Dick Gordon, host of The StoryToday on The Story, the subject is “oil games.” It’s worth a listen: go here and click the “LISTEN HERE” icon at top right to grab the MP3.

The first segment of the radio show from American Public Media deals with a simulation called “Oil Shockwave” put on by SAFE (Securing America’s Future Energy) in early November. I think that WWO followers will find it very interesting - and eerily alarming in its familiarity. “We found that once the crisis has started, there’s not much that the government can do…” The second segment is all about World Without Oil, and it’s a good summary of what the game was all about. Featuring starring roles by Rocklobster and other players! Thanks to Cori Princell and host Dick Gordon of The Story, and to North Carolina Public Radio - WUNC where the show is produced.  And to bloggers like Annette in Anaheim who are already picking up on and amplifying the story.

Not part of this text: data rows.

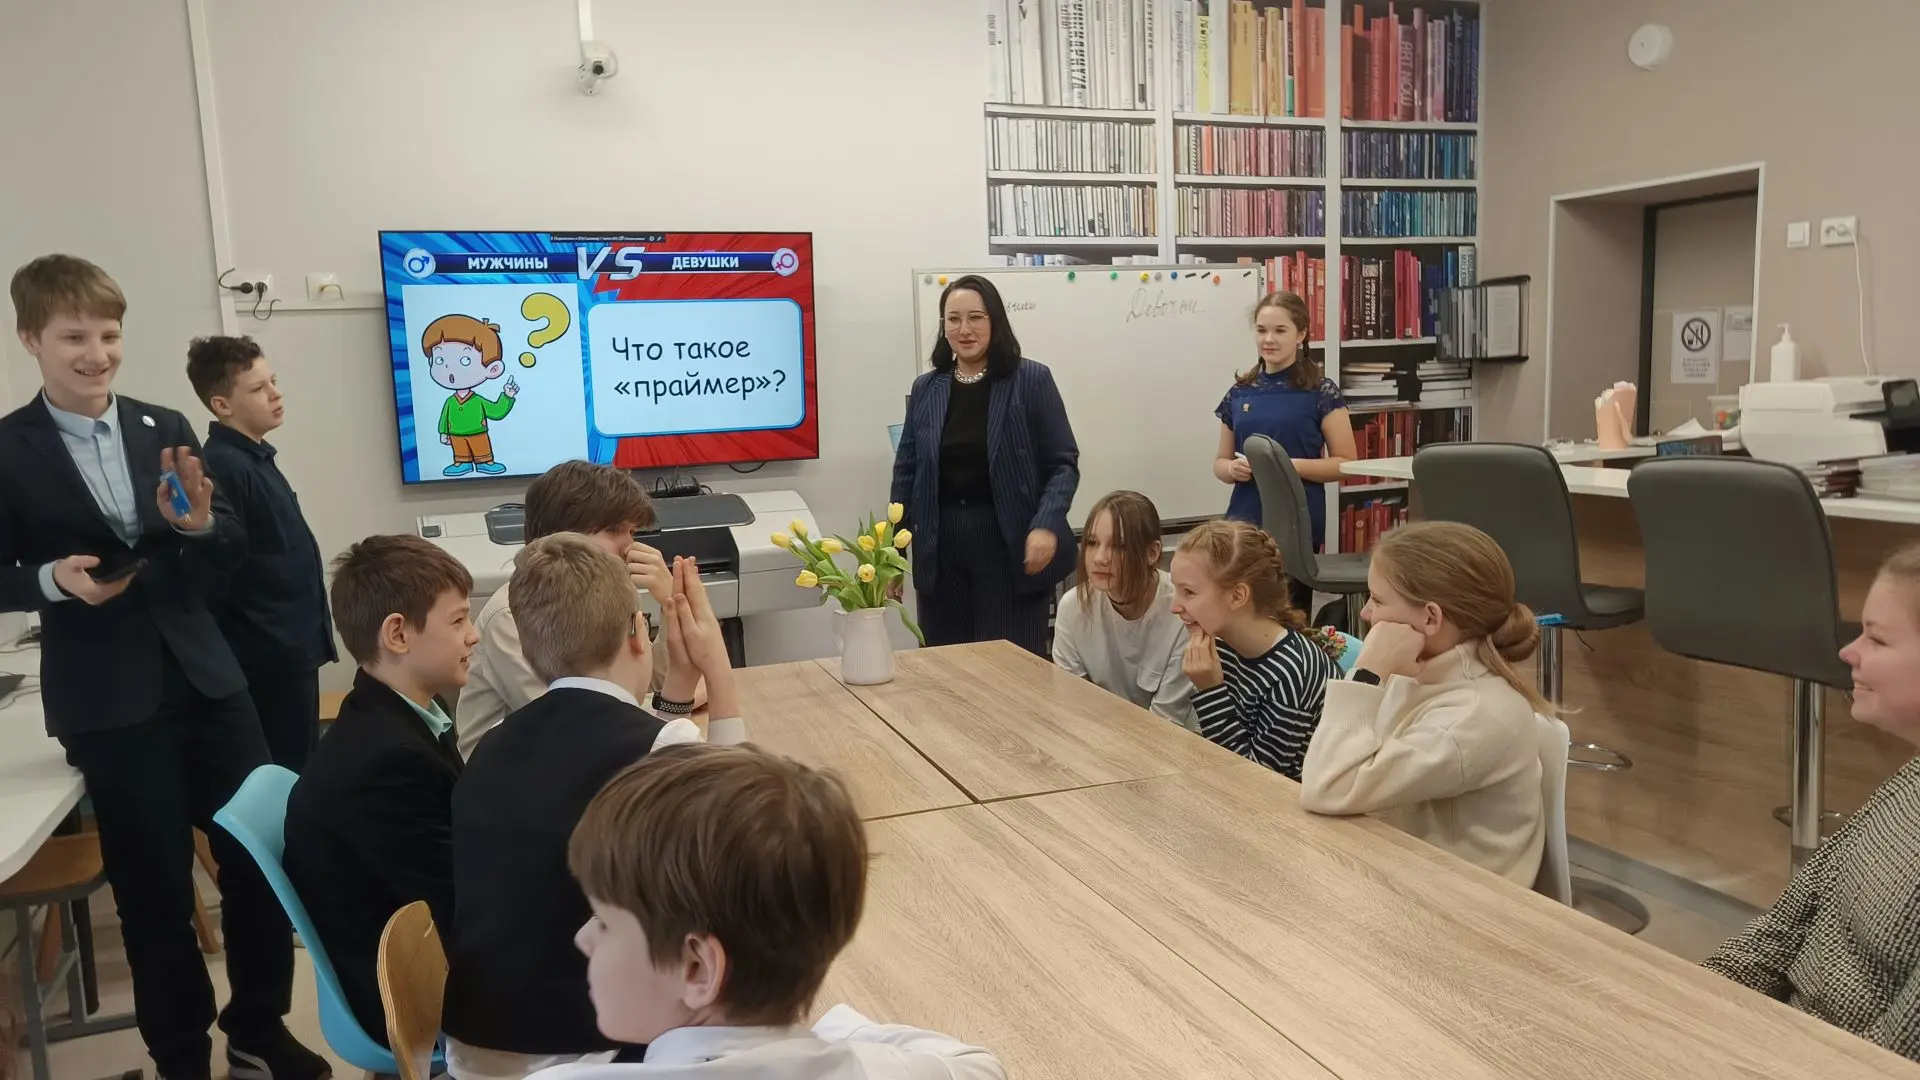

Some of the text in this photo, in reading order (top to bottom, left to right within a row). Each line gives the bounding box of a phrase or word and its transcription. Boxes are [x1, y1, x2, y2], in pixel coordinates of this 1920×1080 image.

[1400, 41, 1414, 107] ART NOW
[468, 255, 548, 271] МУЖЧИНЫ
[576, 245, 646, 281] VS
[672, 255, 740, 270] ДЕВУШКИ
[612, 336, 751, 361] Что такое
[614, 369, 787, 404] «праймер»?

Alan Greenspan: “I am saddened that it is politically inconvenient to acknowledge what everyone knows: the Iraq war is largely about oil.” From his book The Age of Turbulence, as reported in the Guardian and widely elsewhere. Greenspan’s comment follows an article by George Packer in the Sept 17 New Yorker that quotes David Kilcullen, a top advisor to General Petraeus, as listing “maintain flow of oil and gas” as the #1 objective for the continuing operations of U.S. forces in Iraq - ahead of fighting Al Qaeda, containing Iran, or preventing Iraqi genocides.

World Without Oil made clear what’s at stake with continued access to petroleum energy. The official reason for the war seems to change monthly… WMDs, democracy, freedom, anti-terror - it seems to be anything BUT oil.

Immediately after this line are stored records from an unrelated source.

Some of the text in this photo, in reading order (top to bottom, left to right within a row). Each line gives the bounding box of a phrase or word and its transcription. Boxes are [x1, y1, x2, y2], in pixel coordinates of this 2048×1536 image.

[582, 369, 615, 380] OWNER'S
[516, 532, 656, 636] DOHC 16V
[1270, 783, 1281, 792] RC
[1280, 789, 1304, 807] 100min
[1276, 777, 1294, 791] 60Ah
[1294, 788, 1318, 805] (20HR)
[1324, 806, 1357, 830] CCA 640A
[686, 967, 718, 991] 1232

The price of crude oil closed above $80 a barrel for the first time on Thursday, as a hurricane in Texas raised supply concerns. US light crude hit $80.20, two cents higher than the price it touched on Wednesday. Oil prices have risen 30 per cent since the start of this year and are four times higher than their 2002 level.

The latest figures from the US Energy Information Administration show that global liquid fuels production in August was almost a million barrels per day lower than the same period in 2006.

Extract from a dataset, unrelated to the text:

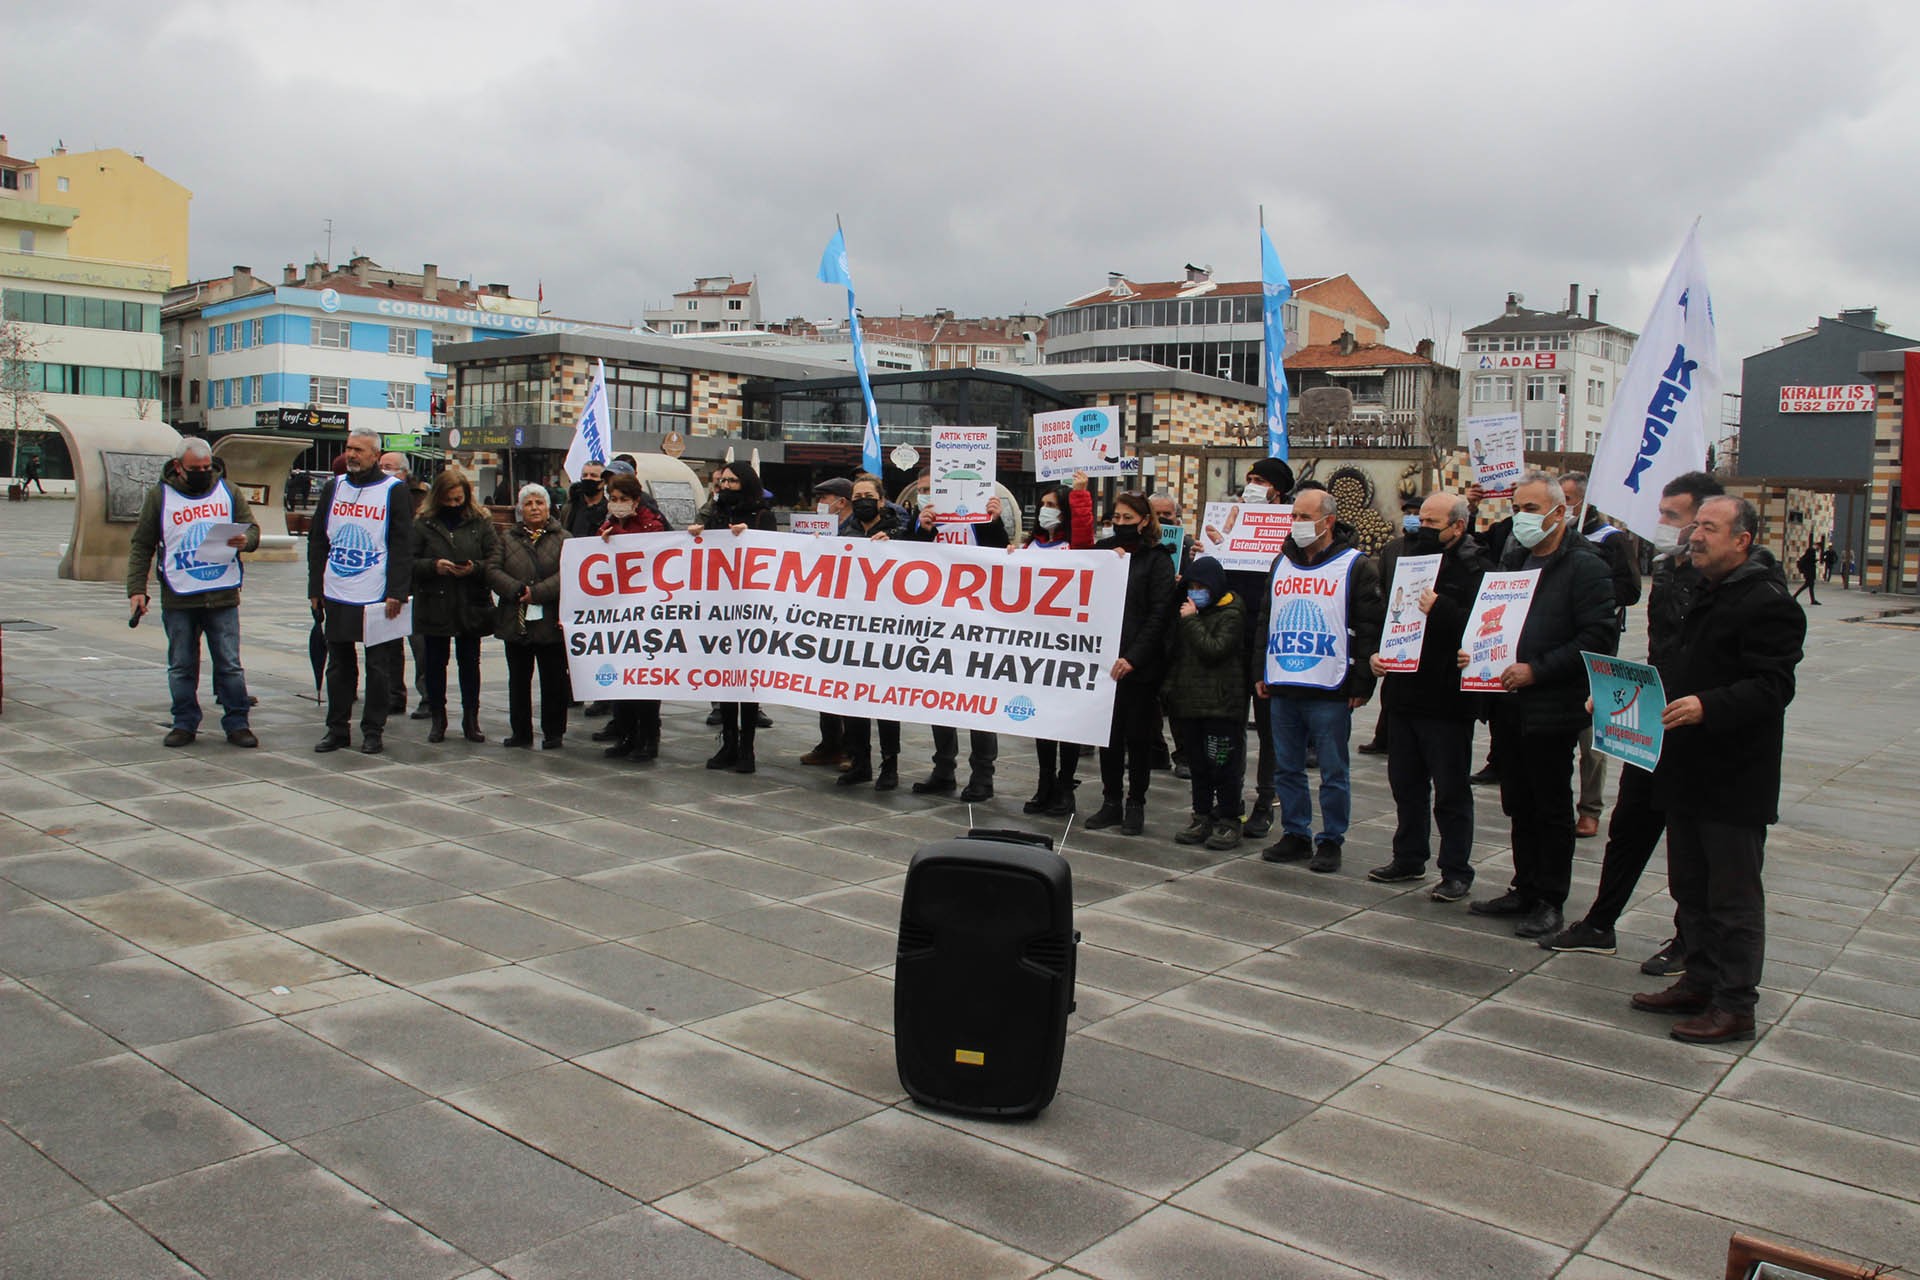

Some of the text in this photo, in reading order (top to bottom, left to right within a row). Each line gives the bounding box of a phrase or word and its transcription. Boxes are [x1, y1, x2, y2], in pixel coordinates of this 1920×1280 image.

Lord Oxburgh, one of the most respected names in the energy industry, said a rapid increase in the price of oil was inevitable as demand continued to outstrip supply. He said: “We can probably go on extracting oil from the ground for a very long time, but it is going to get very expensive indeed.”

As reported in The Independent today.

RELIEF

July 12, 2007
Futurology and training

The future belongs to that which has the longest memory. (Friedrich Nietzsche)

“The Internet projects that obtain the financial support of established organizations undergo a process of selection which is not unlike that of a book. On the other hand, they are characterized by their originality, considering the metamorphic nature of the media. World Without Oil got my attention precisely by the uniqueness of its concept: to ask young people to publish imaginary reports over the weeks following an oil shortage, an event with multiple economic, social and environmental consequences. The result is of an astonishing quality. The participants determined the essence of a complex subject…”

Thus begins an essay by François Guité in RELIEF. The essay is in French, so break out your favorite Babelfish.

I heard WWO players in Europe refer to “the events in 2000″ but I never knew what they were, until I read this. If you run into people who don’t believe that the events of WWO are anything close to possible, have them read this story by Kathy McMahon. All the more scary if you remember that Britain’s oil fields hadn’t yet declined in 2000. This all happened back when it was an oil-producing nation.

It was the world's first serious alternate reality game, a cooperative pre-imagining of a global oil crisis. Over 1900 players collaborated in May 2007 to chronicle the oil crisis with their own personal blog posts, videos, images and voicemails. The game ended after simulating the first 32 weeks of the oil shock, but its effects continue, as game designers analyze its unique gameplay and we all watch the continuing drama with global oil prices and supply.